Sul
“manifesto” Zvi Schuldiner, a vent'anni dall'assassinio
dell'allora primo ministro israeliano Yitzhak Rabin, decostruisce
l'immagine di un Rabin favorevole alla creazione di un Stato
palestinese e cerca di spiegare le ragioni del mito costruito intorno
alla sua persona. (S.L.L.)
In
questi giorni Rabin è un mito. Ma molto lontano dalla realtà.
È
fonte di amarezza il fatto che molte persone si siano recate alla
cerimonia principale a Tel Aviv non tanto per commemorare quanto
nell'illusione che rinnovare il mito contribuisca a far penetrare una
tenue speranza nello spirito di chi vede in questi giorni un capitolo
nero, suscettibile di condurre a un finale tragico.
Il
governo di Netanyahu è incapace di rispondere ai fatti delle ultime
settimane. Gli attacchi palestinesi hanno creato un panico generale
ingiustificato alimentando la politica della paura. Come abbiamo già
segnalato sul manifesto, la reazione governativa si limita a
immaginare soluzioni di forza senza alcuna reale alternativa
politica.
L'estrema
destra ha gettato altra benzina sul fuoco e l'incendio si è
generalizzato: ogni palestinese israeliano o di Gerusalemme o dei
territori occupati è diventato un possibile attentatore. Di
conseguenza, ogni palestinese è un possibile obiettivo delle «forze
di sicurezza» e delle orde fasciste che crescono ogni giorno che
passa. Qualunque palestinese voglia prendere un autobus o recarsi al
lavoro deve aver paura di essere attaccato o quantomeno sospettato.
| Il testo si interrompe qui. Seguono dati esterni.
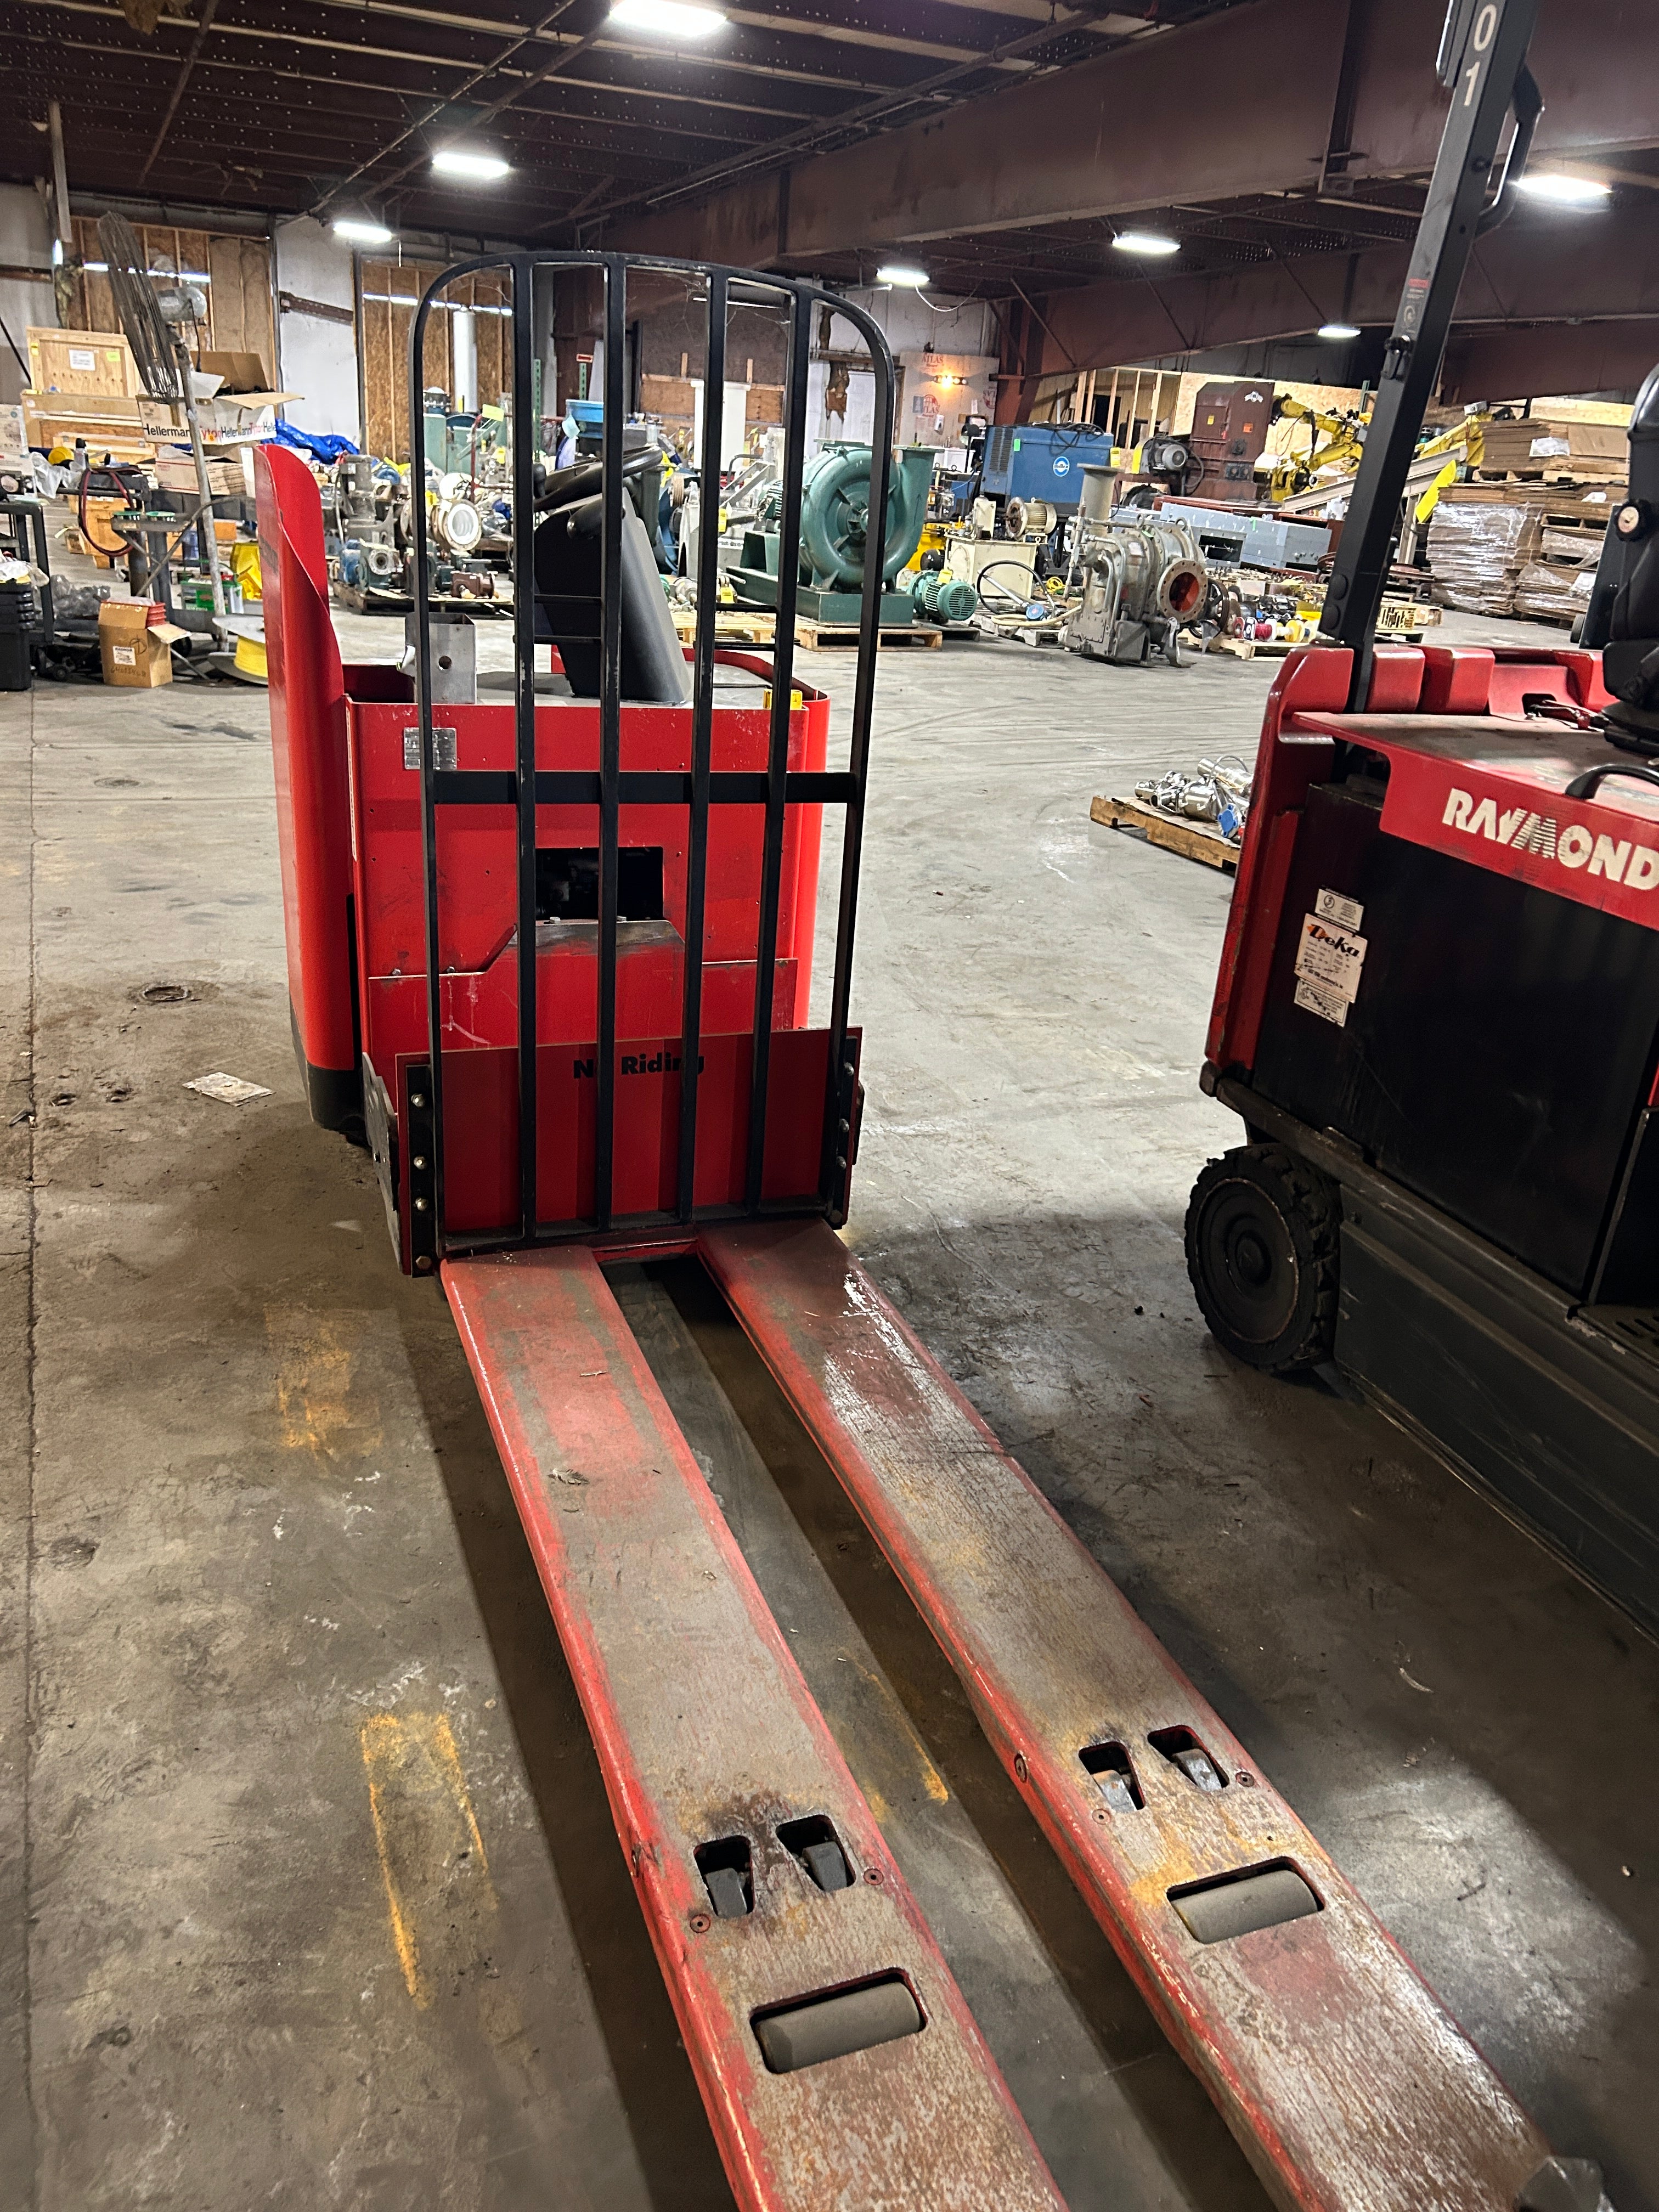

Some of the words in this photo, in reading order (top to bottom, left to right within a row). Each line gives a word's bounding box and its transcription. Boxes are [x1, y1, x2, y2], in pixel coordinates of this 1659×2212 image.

Così, può aspettarsi nella migliore delle ipotesi botte da orbi, e
nella peggiore, di essere ferito o ucciso. Anche un israeliano ebreo
è stato ucciso per sospetto... «Stiano all'erta tutti i soldati, i
poliziotti, i cittadini», ripetono i nostri saggi ministri; e così
gli isterici che ascoltano, per paura o per fare gli eroi si mettono
a sparare contro innocenti, e ad arrestare ogni cittadino palestinese
come persona sospetta.
Quando
il primo ministro Netanyahu scagiona Hitler (here
in English, ndr) dalla responsabilità di aver concepito e messo in
opera l'eliminazione degli ebrei, gettando la colpa sul Muftì
dell'epoca, è evidente che non lo fa per ignoranza. Il suo messaggio
agli israeliani è chiaro e semplice: tutti gli arabi e i musulmani
sono nazisti, assassini potenziali. Perciò con loro è impossibile
trattare.
L'incendio si allarga e l'opposizione non dà prova di avere forza
reale né fa udire una voce chiara e diversa.
Davanti
alla disperazione di tanti, è evidente che far resuscitare il mito
di Rabin è una necessità a livello politico pubblico e a livello
psicologico individuale.
Rabin
fu il grande generale della vittoria del 1967. Poco dopo, ritiratosi
dall'esercito, fu ambasciatore negli Stati Uniti, mostrando una
grande ammirazione per Henry Kissinger — e non è necessario qui
soffermarsi sulla natura criminale dell'operato politico di
quest'ultimo.
La
guerra del 1973 fu dura e richiese un grande prezzo in termini di
soldati isralieliani uccisi, rendendo evidente che la leadership dei
vecchi laburisti se ne doveva andare.
Rabin,
il brillante generale che doveva cambiare l'immagine di una
leadership screditata, diventa primo ministro per la prima volta nel
1974. Sono gli ultimi giorni di potere di una socialdemocrazia
svilita; è un periodo pieno di casi di corruzione. Nel 1977 Rabin si
dimette e i laburisti perdono le elezioni. Il generale è un buon
amico di altri generali. Alcuni sono alquanto problematici, come
quelli della dittatura argentina, altri sono come Ariel Sharon, il
ministro della difesa che nel giugno 1982 dà avvio alla guerra del
Libano e si avvale dei consigli di Rabin, veterano di una guerra
vittoriosa.
Nel
1984, il Likud e il Partito laburista si vedono obbligati a formare
un governo di coalizione, con Peres come primo ministro per due anni.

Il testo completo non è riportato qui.